Action item.
What is needed is an exact copy of every entry below.

=== Dataset entries ===

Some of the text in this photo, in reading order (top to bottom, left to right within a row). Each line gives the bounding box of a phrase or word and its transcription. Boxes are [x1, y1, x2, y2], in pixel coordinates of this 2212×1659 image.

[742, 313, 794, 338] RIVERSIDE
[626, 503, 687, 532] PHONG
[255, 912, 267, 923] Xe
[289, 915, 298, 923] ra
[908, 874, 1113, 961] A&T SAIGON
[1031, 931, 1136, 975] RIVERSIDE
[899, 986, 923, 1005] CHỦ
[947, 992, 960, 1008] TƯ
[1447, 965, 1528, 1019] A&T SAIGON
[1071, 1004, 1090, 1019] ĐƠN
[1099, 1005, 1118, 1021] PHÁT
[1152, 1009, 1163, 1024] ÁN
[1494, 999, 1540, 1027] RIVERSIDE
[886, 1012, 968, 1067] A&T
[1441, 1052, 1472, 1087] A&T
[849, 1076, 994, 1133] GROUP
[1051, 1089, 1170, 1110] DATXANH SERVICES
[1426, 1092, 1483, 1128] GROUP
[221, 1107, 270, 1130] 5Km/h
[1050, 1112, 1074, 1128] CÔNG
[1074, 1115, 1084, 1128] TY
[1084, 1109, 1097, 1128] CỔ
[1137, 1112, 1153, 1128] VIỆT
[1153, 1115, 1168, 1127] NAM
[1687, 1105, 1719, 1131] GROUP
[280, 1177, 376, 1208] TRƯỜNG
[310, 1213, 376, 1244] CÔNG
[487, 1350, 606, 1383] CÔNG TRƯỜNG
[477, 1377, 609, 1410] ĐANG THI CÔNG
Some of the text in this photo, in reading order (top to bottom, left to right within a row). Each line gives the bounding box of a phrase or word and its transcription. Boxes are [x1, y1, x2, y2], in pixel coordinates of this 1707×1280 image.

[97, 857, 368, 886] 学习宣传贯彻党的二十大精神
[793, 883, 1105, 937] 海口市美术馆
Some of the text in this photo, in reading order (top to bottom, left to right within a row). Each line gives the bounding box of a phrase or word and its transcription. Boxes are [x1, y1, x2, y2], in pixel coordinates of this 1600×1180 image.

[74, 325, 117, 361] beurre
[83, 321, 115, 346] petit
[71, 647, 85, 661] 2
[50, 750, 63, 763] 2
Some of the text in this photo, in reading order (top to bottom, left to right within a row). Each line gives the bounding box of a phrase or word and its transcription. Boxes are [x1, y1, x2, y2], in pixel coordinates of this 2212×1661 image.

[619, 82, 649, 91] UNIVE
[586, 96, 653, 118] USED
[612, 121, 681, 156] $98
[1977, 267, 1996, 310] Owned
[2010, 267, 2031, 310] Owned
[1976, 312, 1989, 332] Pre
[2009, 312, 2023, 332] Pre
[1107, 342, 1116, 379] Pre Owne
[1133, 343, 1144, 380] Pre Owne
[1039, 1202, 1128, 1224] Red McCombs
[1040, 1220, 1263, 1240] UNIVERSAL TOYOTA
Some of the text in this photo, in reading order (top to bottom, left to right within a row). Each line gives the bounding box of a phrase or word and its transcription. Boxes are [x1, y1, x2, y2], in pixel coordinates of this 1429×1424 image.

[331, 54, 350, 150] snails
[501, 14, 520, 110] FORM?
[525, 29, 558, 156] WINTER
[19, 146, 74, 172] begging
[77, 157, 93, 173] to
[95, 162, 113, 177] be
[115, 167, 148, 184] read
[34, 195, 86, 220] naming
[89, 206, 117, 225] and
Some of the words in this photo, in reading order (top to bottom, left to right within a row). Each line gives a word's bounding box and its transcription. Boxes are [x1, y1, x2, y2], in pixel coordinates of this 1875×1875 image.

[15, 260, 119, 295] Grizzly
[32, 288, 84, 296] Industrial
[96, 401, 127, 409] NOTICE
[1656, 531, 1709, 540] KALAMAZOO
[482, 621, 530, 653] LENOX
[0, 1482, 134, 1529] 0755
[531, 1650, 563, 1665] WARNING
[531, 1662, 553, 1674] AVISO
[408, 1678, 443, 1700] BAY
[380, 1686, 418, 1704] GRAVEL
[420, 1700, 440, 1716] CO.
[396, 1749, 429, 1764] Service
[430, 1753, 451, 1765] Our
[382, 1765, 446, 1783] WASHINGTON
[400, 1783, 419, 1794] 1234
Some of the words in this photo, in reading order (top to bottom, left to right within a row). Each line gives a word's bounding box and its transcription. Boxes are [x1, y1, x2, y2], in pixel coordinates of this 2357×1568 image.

===

Result for this exercise.
Some of the text in this photo, in reading order (top to bottom, left to right within a row). Each line gives the bounding box of a phrase or word and its transcription. Boxes are [x1, y1, x2, y2], in pixel coordinates of this 2212×1659 image.

[742, 313, 794, 338] RIVERSIDE
[626, 503, 687, 532] PHONG
[255, 912, 267, 923] Xe
[289, 915, 298, 923] ra
[908, 874, 1113, 961] A&T SAIGON
[1031, 931, 1136, 975] RIVERSIDE
[899, 986, 923, 1005] CHỦ
[947, 992, 960, 1008] TƯ
[1447, 965, 1528, 1019] A&T SAIGON
[1071, 1004, 1090, 1019] ĐƠN
[1099, 1005, 1118, 1021] PHÁT
[1152, 1009, 1163, 1024] ÁN
[1494, 999, 1540, 1027] RIVERSIDE
[886, 1012, 968, 1067] A&T
[1441, 1052, 1472, 1087] A&T
[849, 1076, 994, 1133] GROUP
[1051, 1089, 1170, 1110] DATXANH SERVICES
[1426, 1092, 1483, 1128] GROUP
[221, 1107, 270, 1130] 5Km/h
[1050, 1112, 1074, 1128] CÔNG
[1074, 1115, 1084, 1128] TY
[1084, 1109, 1097, 1128] CỔ
[1137, 1112, 1153, 1128] VIỆT
[1153, 1115, 1168, 1127] NAM
[1687, 1105, 1719, 1131] GROUP
[280, 1177, 376, 1208] TRƯỜNG
[310, 1213, 376, 1244] CÔNG
[487, 1350, 606, 1383] CÔNG TRƯỜNG
[477, 1377, 609, 1410] ĐANG THI CÔNG
Some of the text in this photo, in reading order (top to bottom, left to right within a row). Each line gives the bounding box of a phrase or word and its transcription. Boxes are [x1, y1, x2, y2], in pixel coordinates of this 1707×1280 image.

[97, 857, 368, 886] 学习宣传贯彻党的二十大精神
[793, 883, 1105, 937] 海口市美术馆
Some of the text in this photo, in reading order (top to bottom, left to right within a row). Each line gives the bounding box of a phrase or word and its transcription. Boxes are [x1, y1, x2, y2], in pixel coordinates of this 1600×1180 image.

[74, 325, 117, 361] beurre
[83, 321, 115, 346] petit
[71, 647, 85, 661] 2
[50, 750, 63, 763] 2
Some of the text in this photo, in reading order (top to bottom, left to right within a row). Each line gives the bounding box of a phrase or word and its transcription. Boxes are [x1, y1, x2, y2], in pixel coordinates of this 2212×1661 image.

[619, 82, 649, 91] UNIVE
[586, 96, 653, 118] USED
[612, 121, 681, 156] $98
[1977, 267, 1996, 310] Owned
[2010, 267, 2031, 310] Owned
[1976, 312, 1989, 332] Pre
[2009, 312, 2023, 332] Pre
[1107, 342, 1116, 379] Pre Owne
[1133, 343, 1144, 380] Pre Owne
[1039, 1202, 1128, 1224] Red McCombs
[1040, 1220, 1263, 1240] UNIVERSAL TOYOTA
Some of the text in this photo, in reading order (top to bottom, left to right within a row). Each line gives the bounding box of a phrase or word and its transcription. Boxes are [x1, y1, x2, y2], in pixel coordinates of this 1429×1424 image.

[331, 54, 350, 150] snails
[501, 14, 520, 110] FORM?
[525, 29, 558, 156] WINTER
[19, 146, 74, 172] begging
[77, 157, 93, 173] to
[95, 162, 113, 177] be
[115, 167, 148, 184] read
[34, 195, 86, 220] naming
[89, 206, 117, 225] and
Some of the words in this photo, in reading order (top to bottom, left to right within a row). Each line gives a word's bounding box and its transcription. Boxes are [x1, y1, x2, y2], in pixel coordinates of this 1875×1875 image.

[15, 260, 119, 295] Grizzly
[32, 288, 84, 296] Industrial
[96, 401, 127, 409] NOTICE
[1656, 531, 1709, 540] KALAMAZOO
[482, 621, 530, 653] LENOX
[0, 1482, 134, 1529] 0755
[531, 1650, 563, 1665] WARNING
[531, 1662, 553, 1674] AVISO
[408, 1678, 443, 1700] BAY
[380, 1686, 418, 1704] GRAVEL
[420, 1700, 440, 1716] CO.
[396, 1749, 429, 1764] Service
[430, 1753, 451, 1765] Our
[382, 1765, 446, 1783] WASHINGTON
[400, 1783, 419, 1794] 1234
Some of the words in this photo, in reading order (top to bottom, left to right within a row). Each line gives a word's bounding box and its transcription. Boxes are [x1, y1, x2, y2], in pixel coordinates of this 2357×1568 image.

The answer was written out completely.